I'm in the process of re-designing our workflow for release. So I've found this question. I've decided to wrote my experience. For what it's worth ...


For development, we are using something that seems to be variation of what you call the stable/default workflow (of course everything goes through commands that enforce the workflow, I call them myw thereafter) :

  • we have a central server which holds all of our repositories
  • we have a central stable clone per project on this server
  • we have a central dev clone per project which is a clone of stable on this server
  • initially, one can myw create theproject which create the stable/dev clones for theproject on the server and that locally (on the developer computer)
  • when someone has to develop a new feature he can myw clone theproject dev mygreatfeature that :
    • clones the project dev repo on the server as mygreatfeature
    • clones locally the cloned repo mygreatfeature
    • makes lot of useful things like updating hgserver / hudson ci ...
  • he can myw fetch dev and myw fetch stable anytime
  • when the feature is done he merges it back to his local dev clone, push the merged result on the central dev clone and close the central clone which is archived for a while : myw close theproject mygreatfeature

All of that works great and is pretty smooth.
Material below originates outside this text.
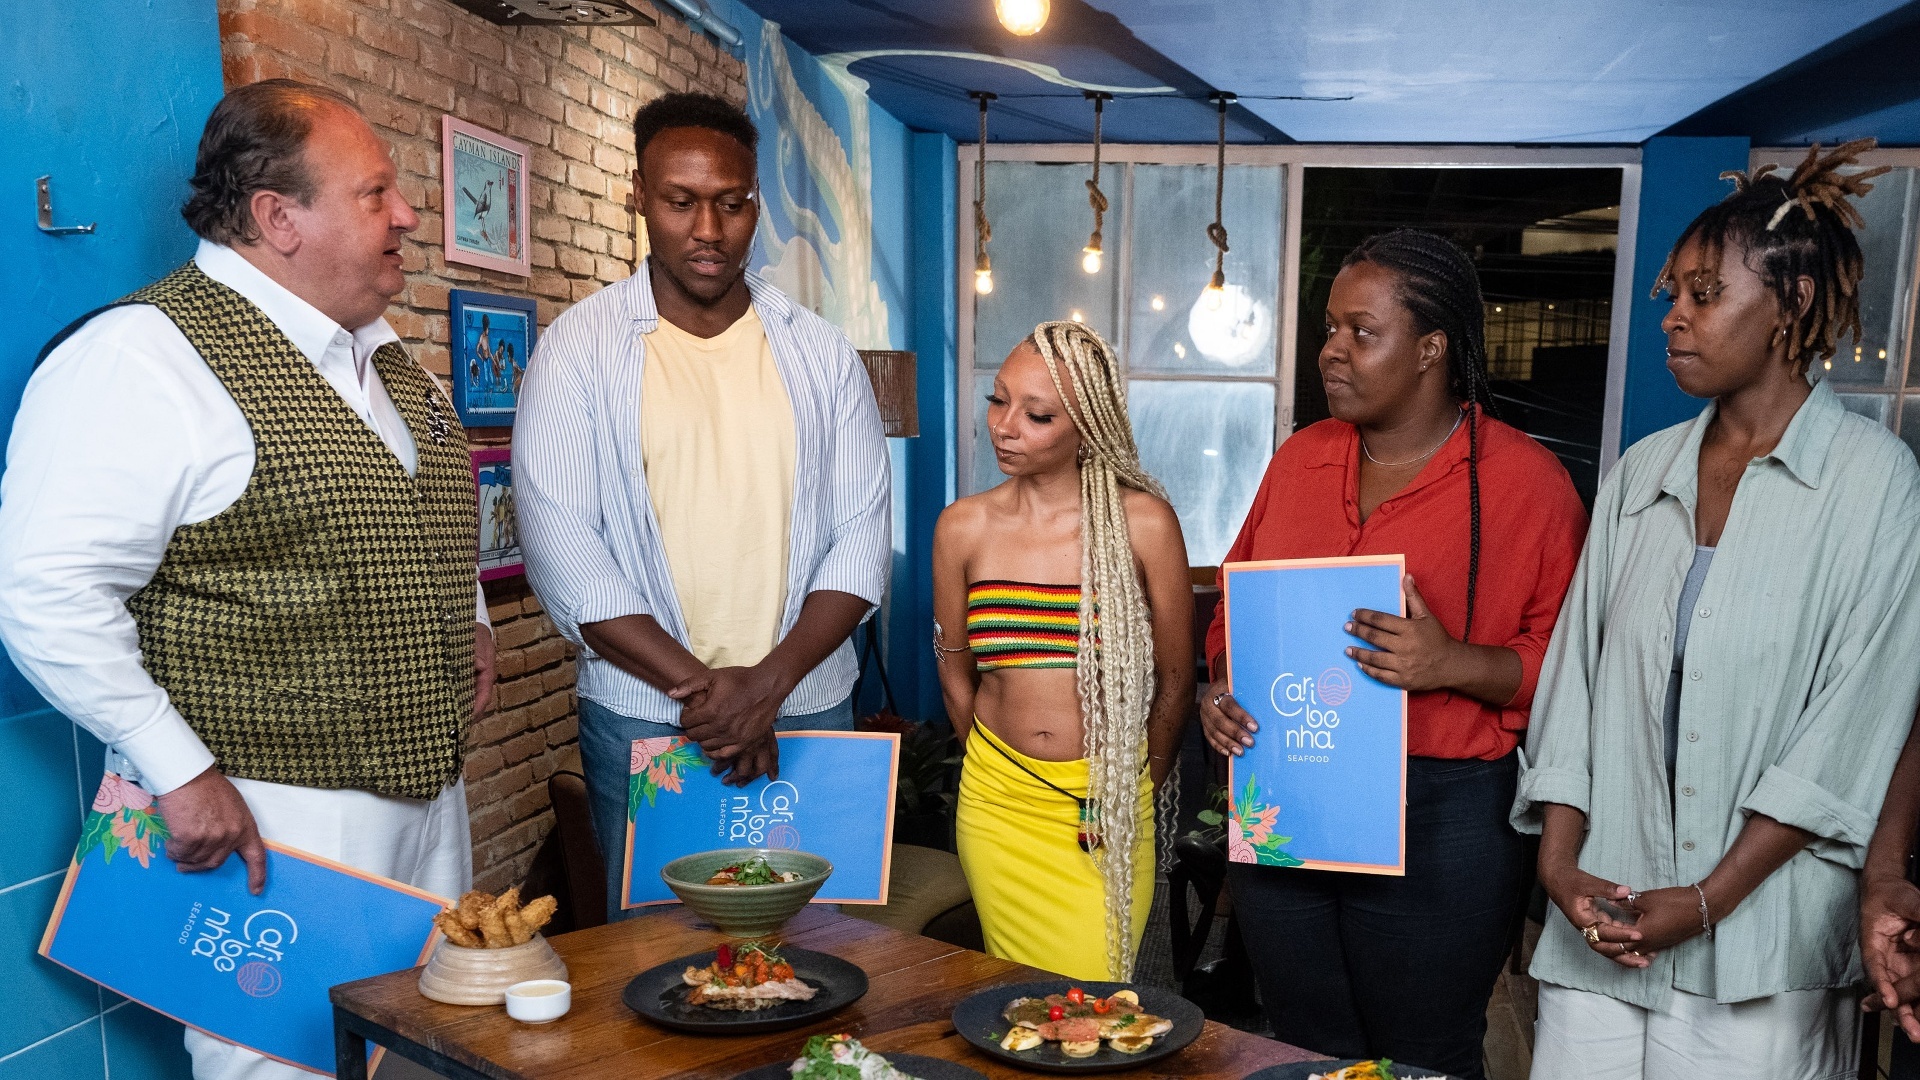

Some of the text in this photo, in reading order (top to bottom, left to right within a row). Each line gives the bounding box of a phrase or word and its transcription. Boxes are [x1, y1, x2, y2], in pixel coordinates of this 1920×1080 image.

We have preferred clones to named branches as it was simple to really close a feature branch, and at the time the mercurial "named branch" part seemed like "work in progress".


The release part of the workflow is presently done basically like that :

  • the "release master" fetches from the central dev clone to his local dev clone.
  • he fetches from the central stable clone to his local stable clone.
  • he fetch from his local stable clone the changes that are in his local dev clone.
  • he checks everything, if it is ok, do myw release 1.2.3_RC2 that :
    • tag with 1.2.3_RC2
    • push to the centralized project stable clone.
    • this is in fact a release candidate, that will be tested for a while by our CI server and by our hardcore testers.
  • Bug fixes discovered by those tests are fixed on the local stable clone and pushed on the centralized stable clone.
  • when its ok, the "release master" do a formal release : myw release 1.2.3

That works pretty well, even if we needs to improve some commands to smooth the process. One of the main drawback it's that's a lot of clones :)
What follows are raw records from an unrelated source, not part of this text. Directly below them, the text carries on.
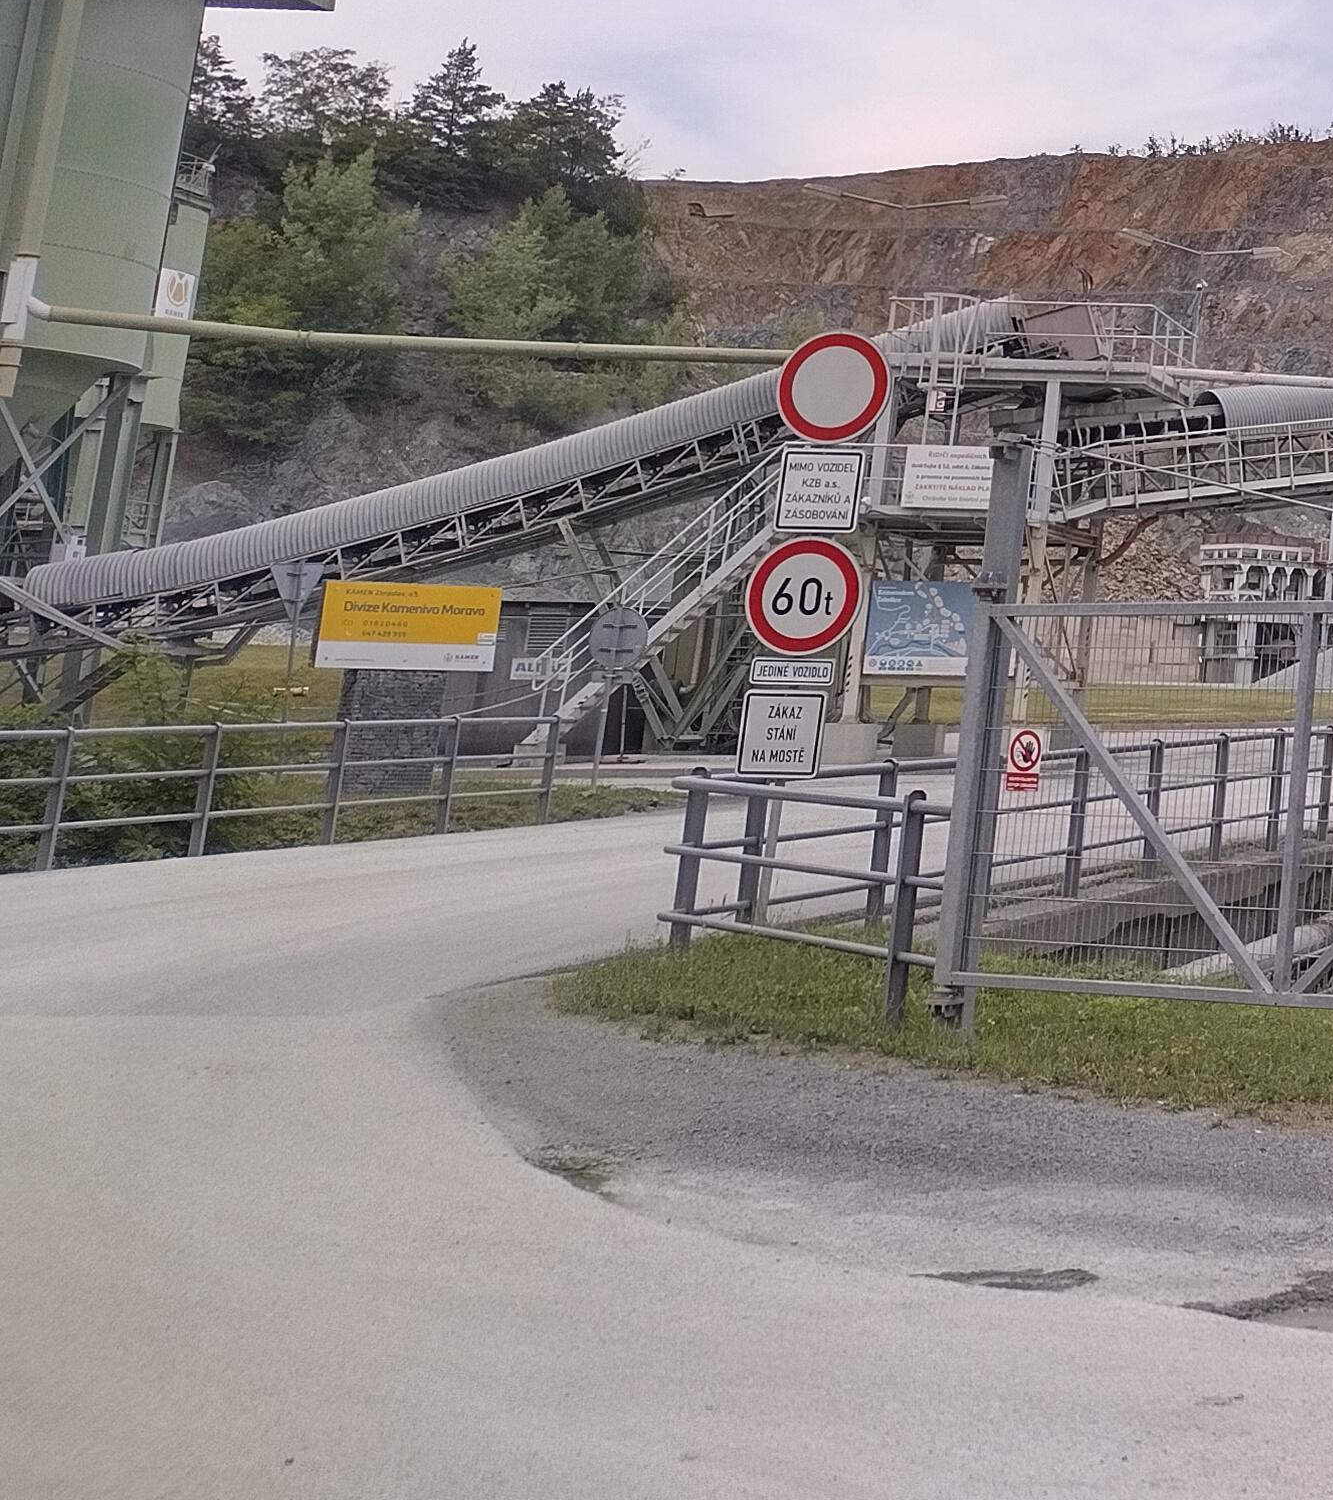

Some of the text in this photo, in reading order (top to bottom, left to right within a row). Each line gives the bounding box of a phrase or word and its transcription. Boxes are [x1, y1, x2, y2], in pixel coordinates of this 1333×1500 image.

[789, 462, 855, 473] MIMO VOZIDEL
[801, 478, 821, 488] KZB
[785, 492, 851, 504] ZÁKAZNÍKŮ A
[784, 508, 848, 520] ZÁSOBOVÁNÍ
[344, 600, 486, 616] Divize Kamenivo Morava
[757, 663, 829, 678] JEDINÉ VOZIDLO
[768, 702, 803, 719] ZÁKAZ
[766, 725, 797, 741] STÁNÍ
[751, 747, 805, 763] NA MOSTĚ
For the management of old releases, we have currently a clone of stable done for each major release. As there is no big need to backport many features, we just have to cherry-pick some really bad bugs with hg transplant (great extension by the way).


We have used that for about a year, and we certainly need to improve our homemade commands, especially for the release part :)

The main drawback is that you have to give you/your team some tools to handle it because without them it could be unmanageable, hence our myw homemade set of commands. As usual, the feature branch should not last for too long, or merging can be hard to do. Things like refactoring/renaming has to be done at chosen points, or it will give your team a lot of merging work.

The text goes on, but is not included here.